Start of Input

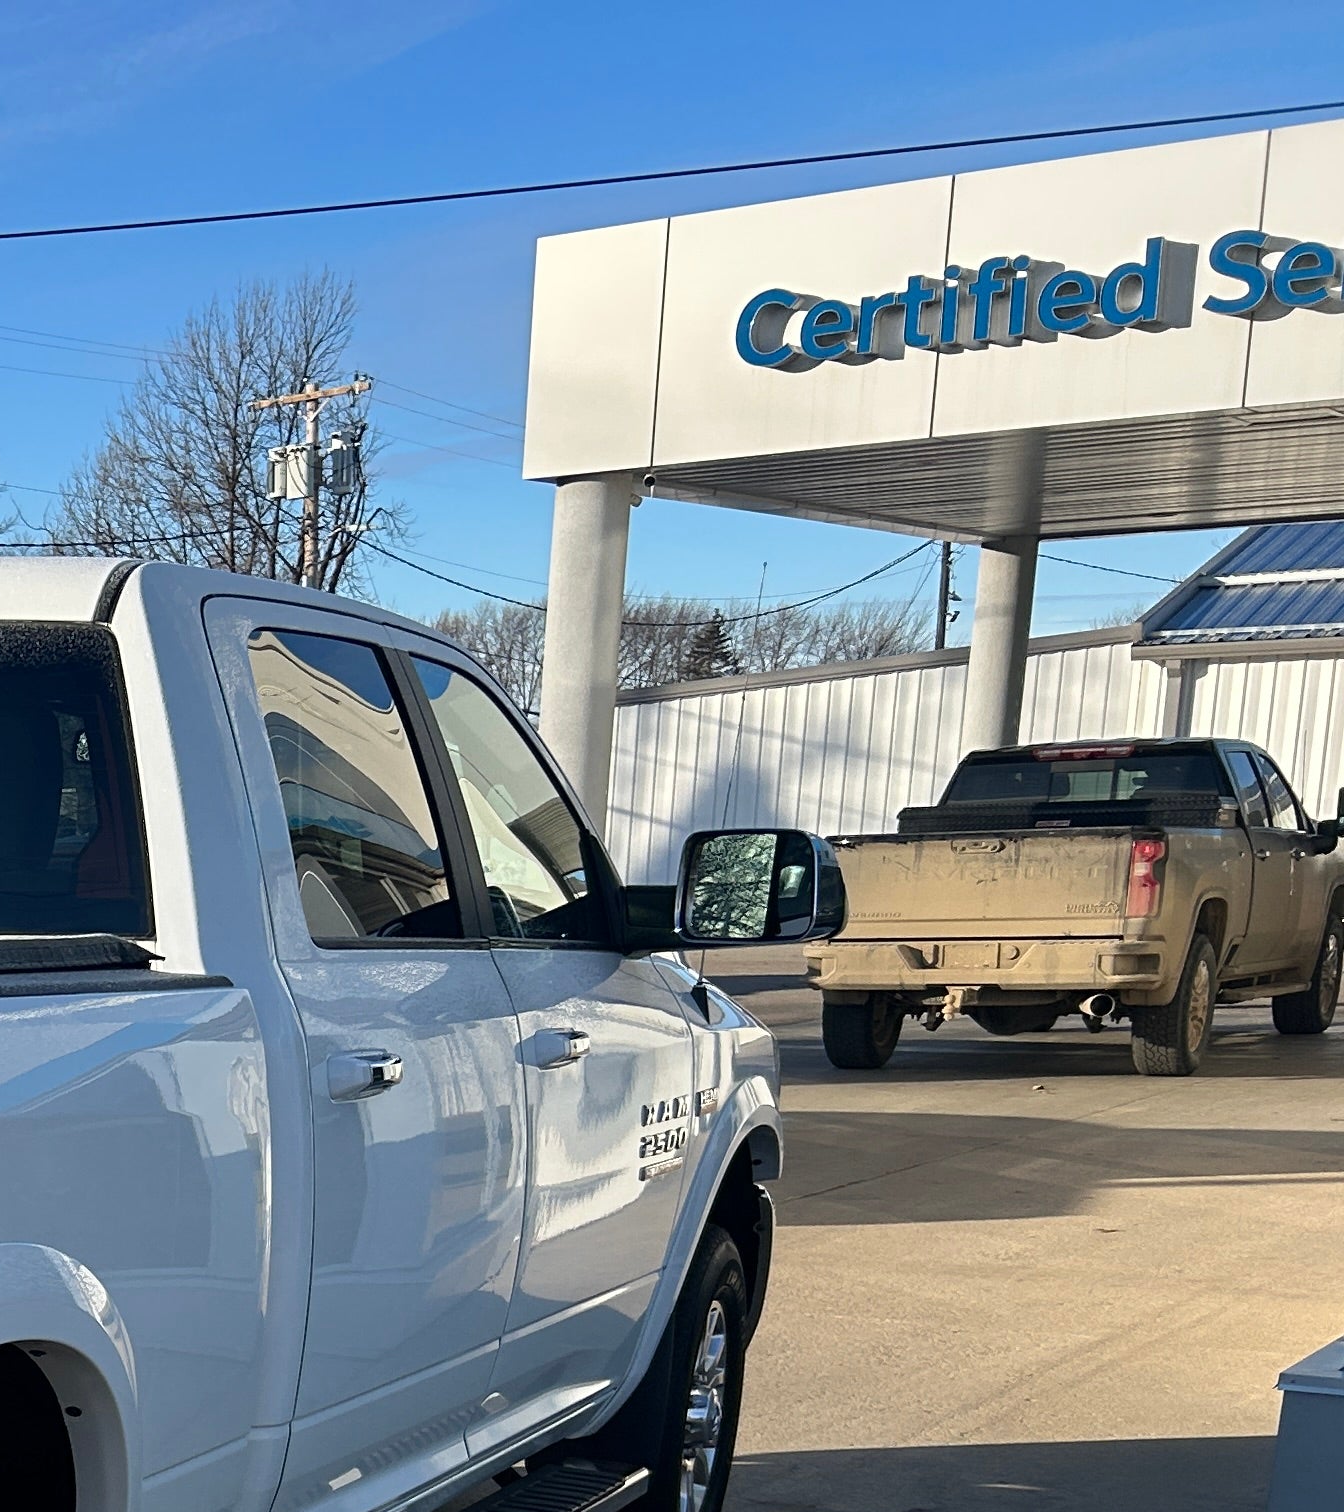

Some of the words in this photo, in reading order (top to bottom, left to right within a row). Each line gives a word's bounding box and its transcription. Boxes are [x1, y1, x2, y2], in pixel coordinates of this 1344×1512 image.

[735, 236, 1166, 368] Certified
[1202, 229, 1344, 316] Se
[639, 1126, 688, 1158] 2500
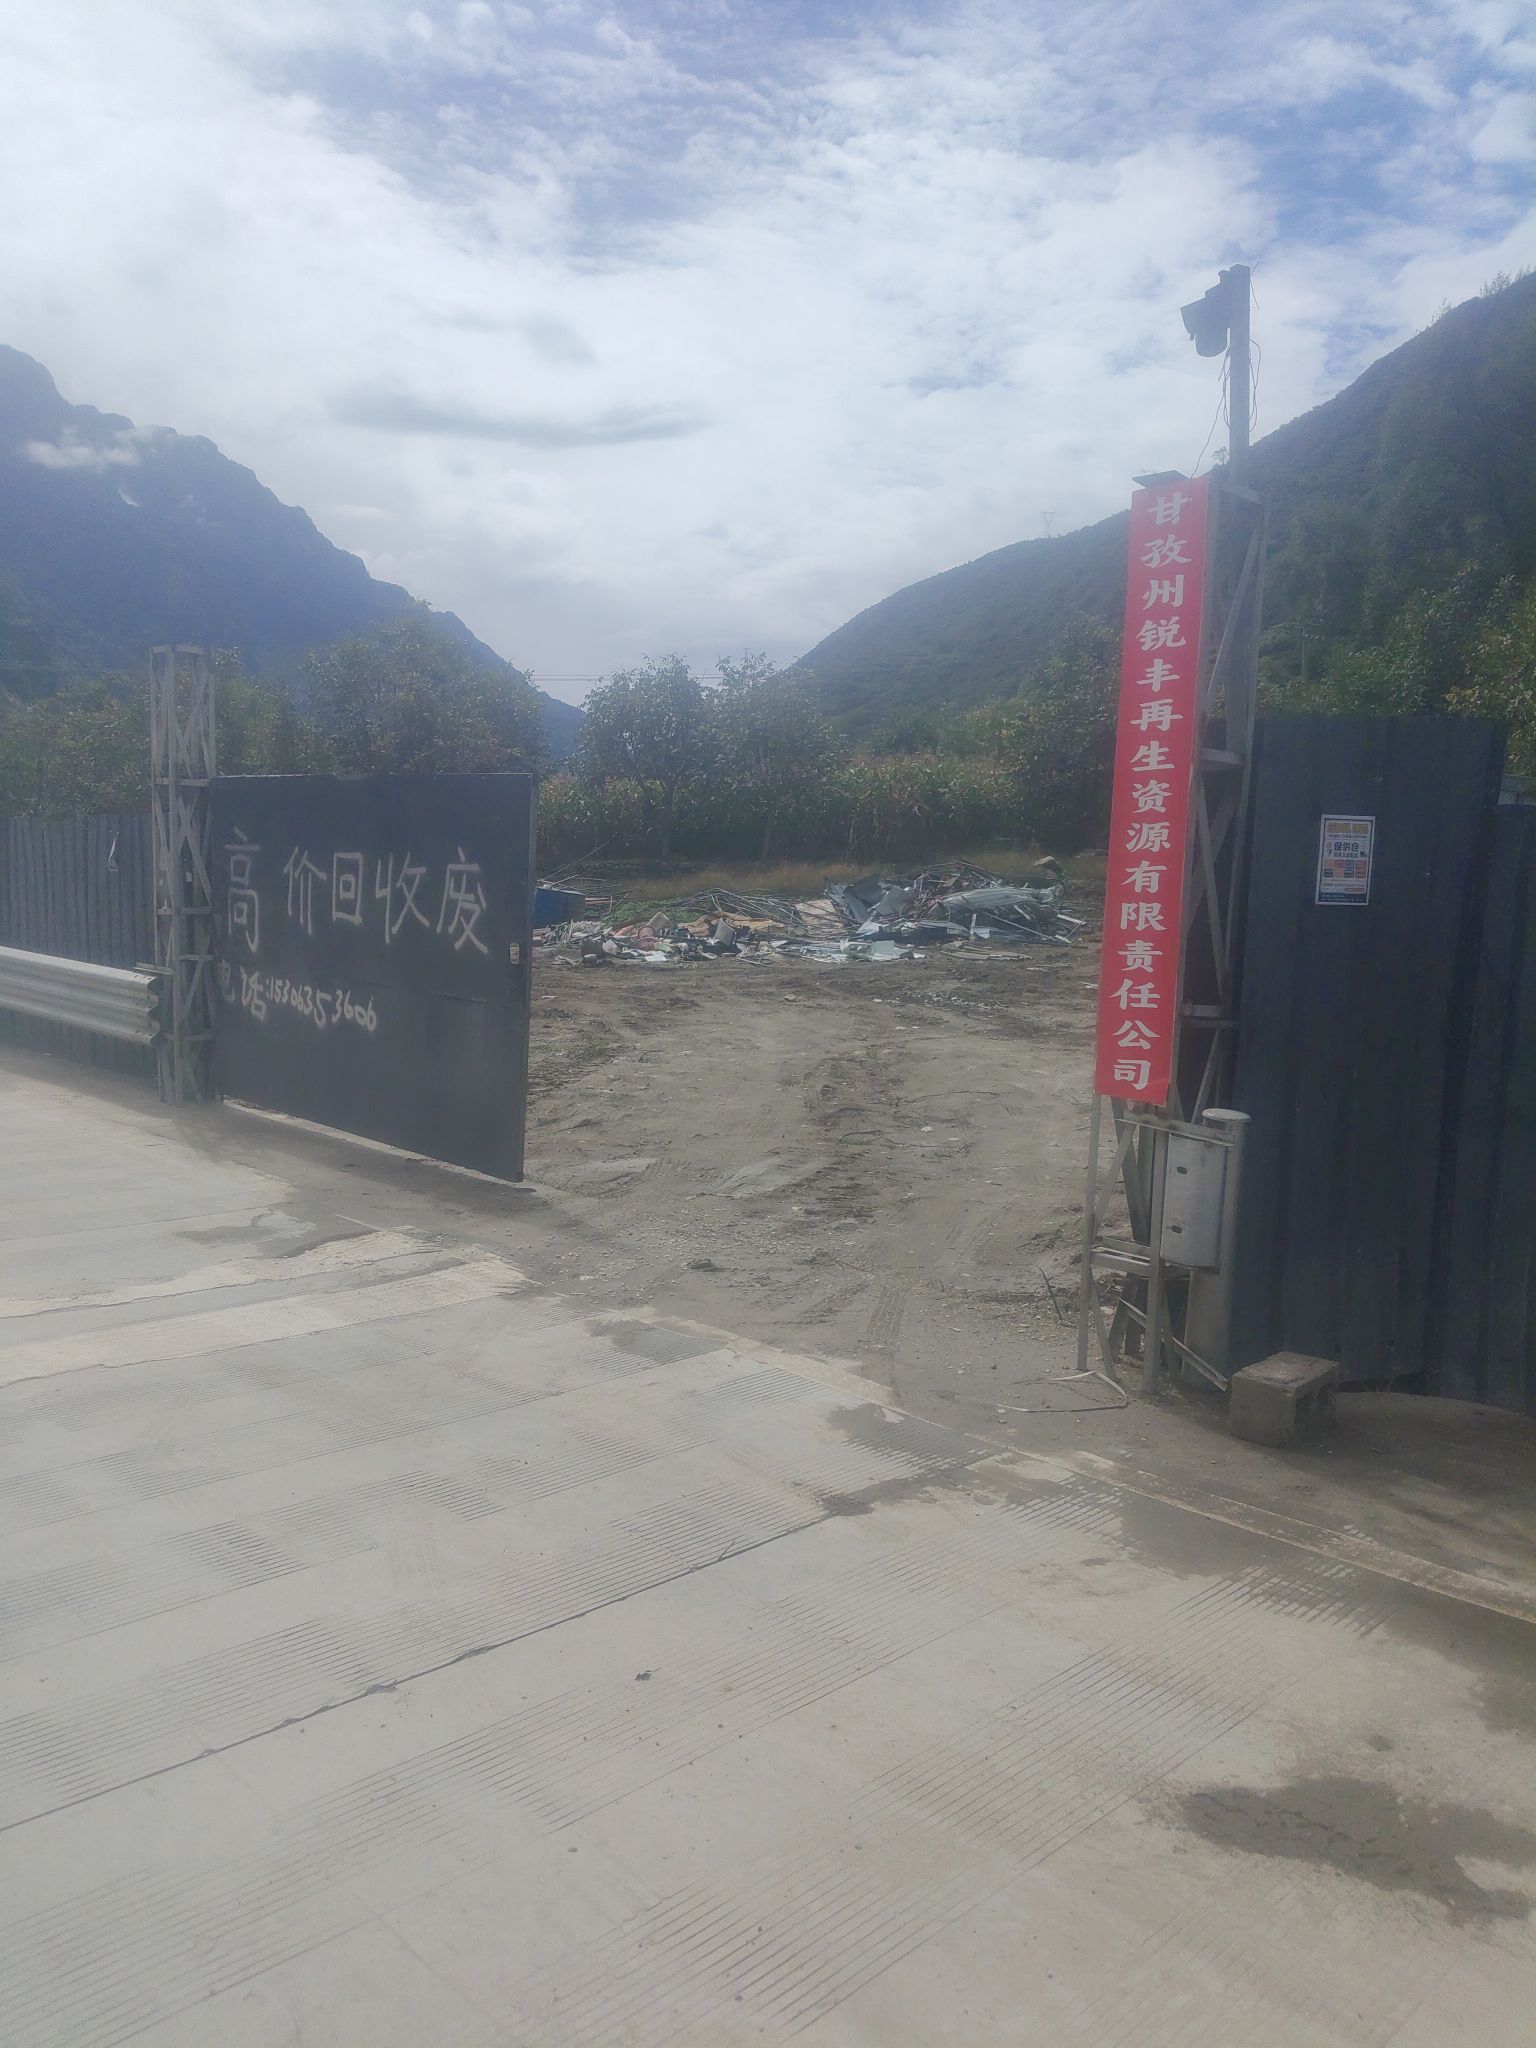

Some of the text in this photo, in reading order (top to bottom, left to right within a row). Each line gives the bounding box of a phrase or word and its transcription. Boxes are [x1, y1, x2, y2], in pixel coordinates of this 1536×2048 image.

[225, 826, 488, 952] 高价回收废
[1111, 493, 1192, 1090] 甘孜州锐丰再生资源有限责任公司
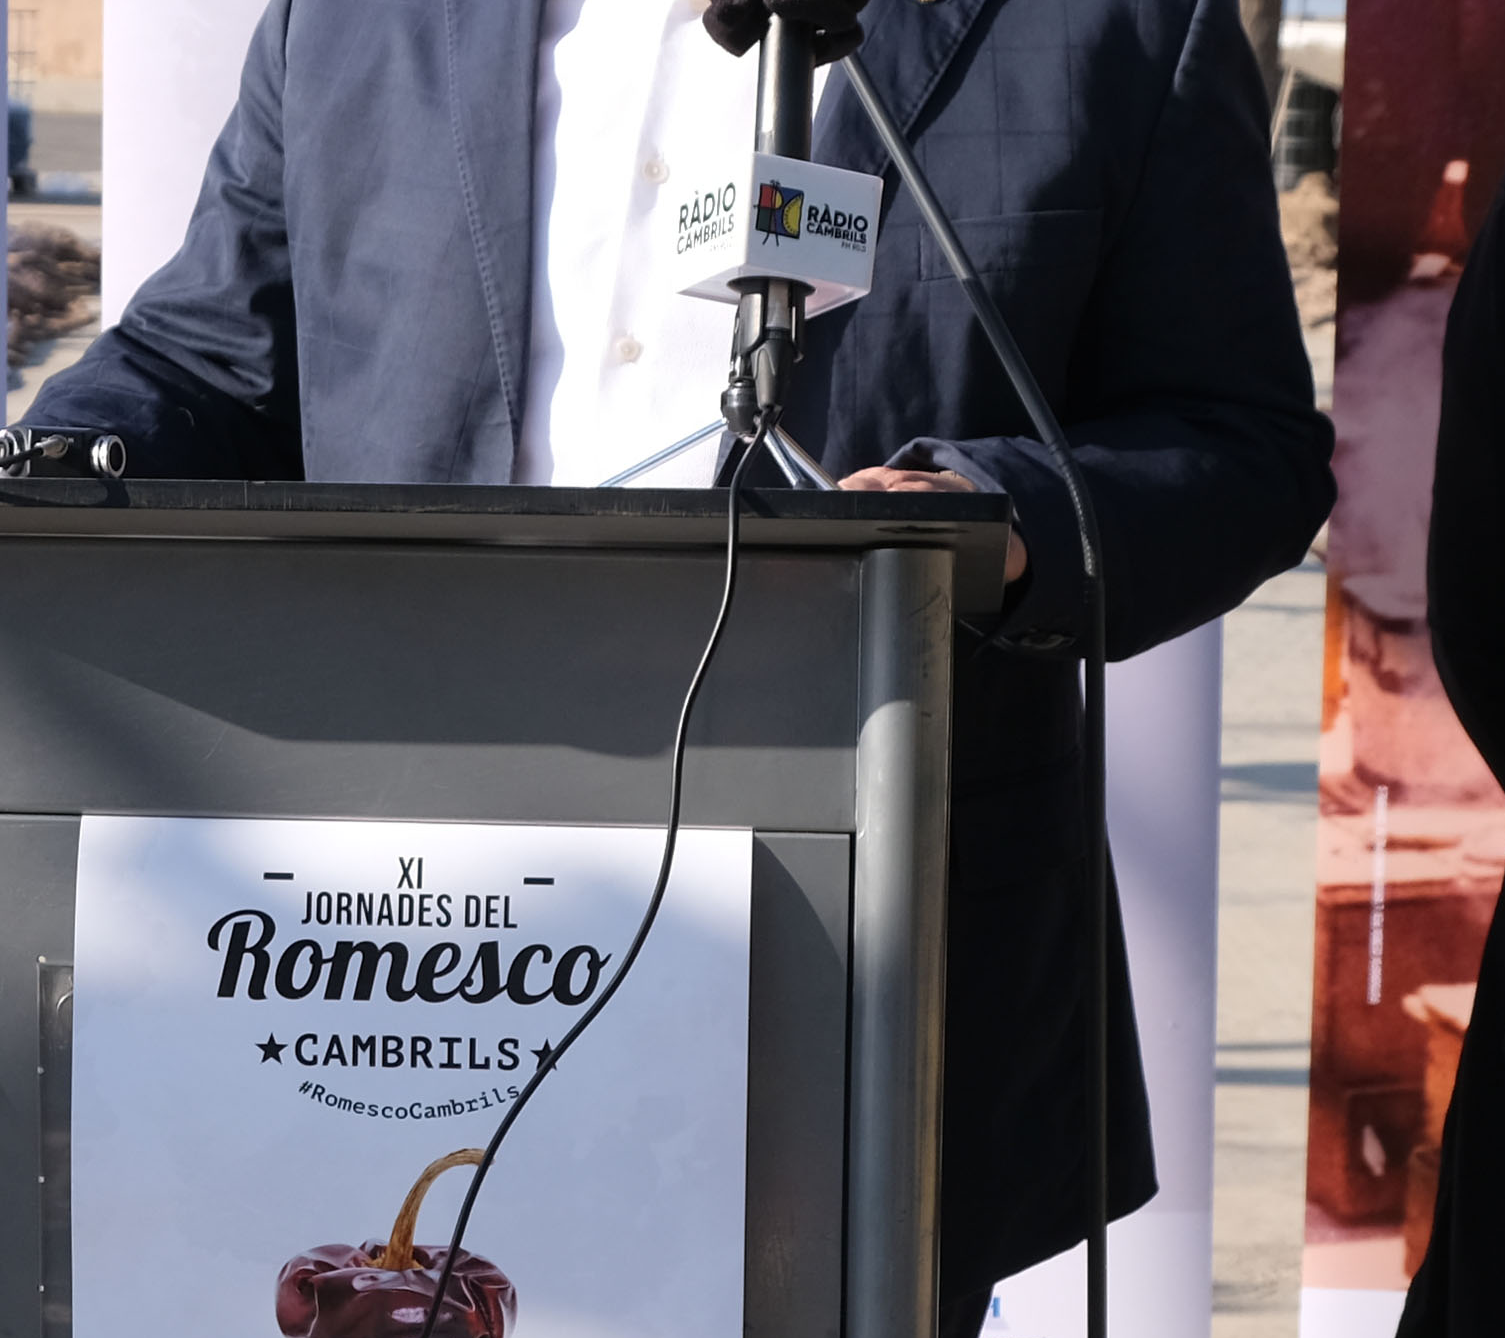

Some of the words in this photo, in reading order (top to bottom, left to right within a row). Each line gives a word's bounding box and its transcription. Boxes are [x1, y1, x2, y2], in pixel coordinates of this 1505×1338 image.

[679, 182, 736, 233] RÀDIO
[807, 203, 868, 232] RÀDIO
[677, 214, 735, 255] CAMBRILS
[806, 222, 867, 245] CAMBRILS
[398, 857, 423, 890] XI
[302, 891, 452, 929] JORNADES
[464, 896, 518, 929] DEL
[207, 909, 612, 1006] Romesco
[294, 1033, 521, 1071] CAMBRILS
[298, 1079, 521, 1120] #RomescoCambrils

End of Input

What you will do
Only the pictures are to be dropped; return everything else in the listing exactly.

Solution to this task
Some of the words in this photo, in reading order (top to bottom, left to right within a row). Each line gives a word's bounding box and its transcription. Boxes are [x1, y1, x2, y2], in pixel coordinates of this 1344×1512 image.

[735, 236, 1166, 368] Certified
[1202, 229, 1344, 316] Se
[639, 1126, 688, 1158] 2500

Some of the text in this photo, in reading order (top to bottom, left to right within a row). Each line gives the bounding box of a phrase or word and its transcription. Boxes are [x1, y1, x2, y2], in pixel coordinates of this 1536×2048 image.

[225, 826, 488, 952] 高价回收废
[1111, 493, 1192, 1090] 甘孜州锐丰再生资源有限责任公司

Some of the words in this photo, in reading order (top to bottom, left to right within a row). Each line gives a word's bounding box and its transcription. Boxes are [x1, y1, x2, y2], in pixel coordinates of this 1505×1338 image.

[679, 182, 736, 233] RÀDIO
[807, 203, 868, 232] RÀDIO
[677, 214, 735, 255] CAMBRILS
[806, 222, 867, 245] CAMBRILS
[398, 857, 423, 890] XI
[302, 891, 452, 929] JORNADES
[464, 896, 518, 929] DEL
[207, 909, 612, 1006] Romesco
[294, 1033, 521, 1071] CAMBRILS
[298, 1079, 521, 1120] #RomescoCambrils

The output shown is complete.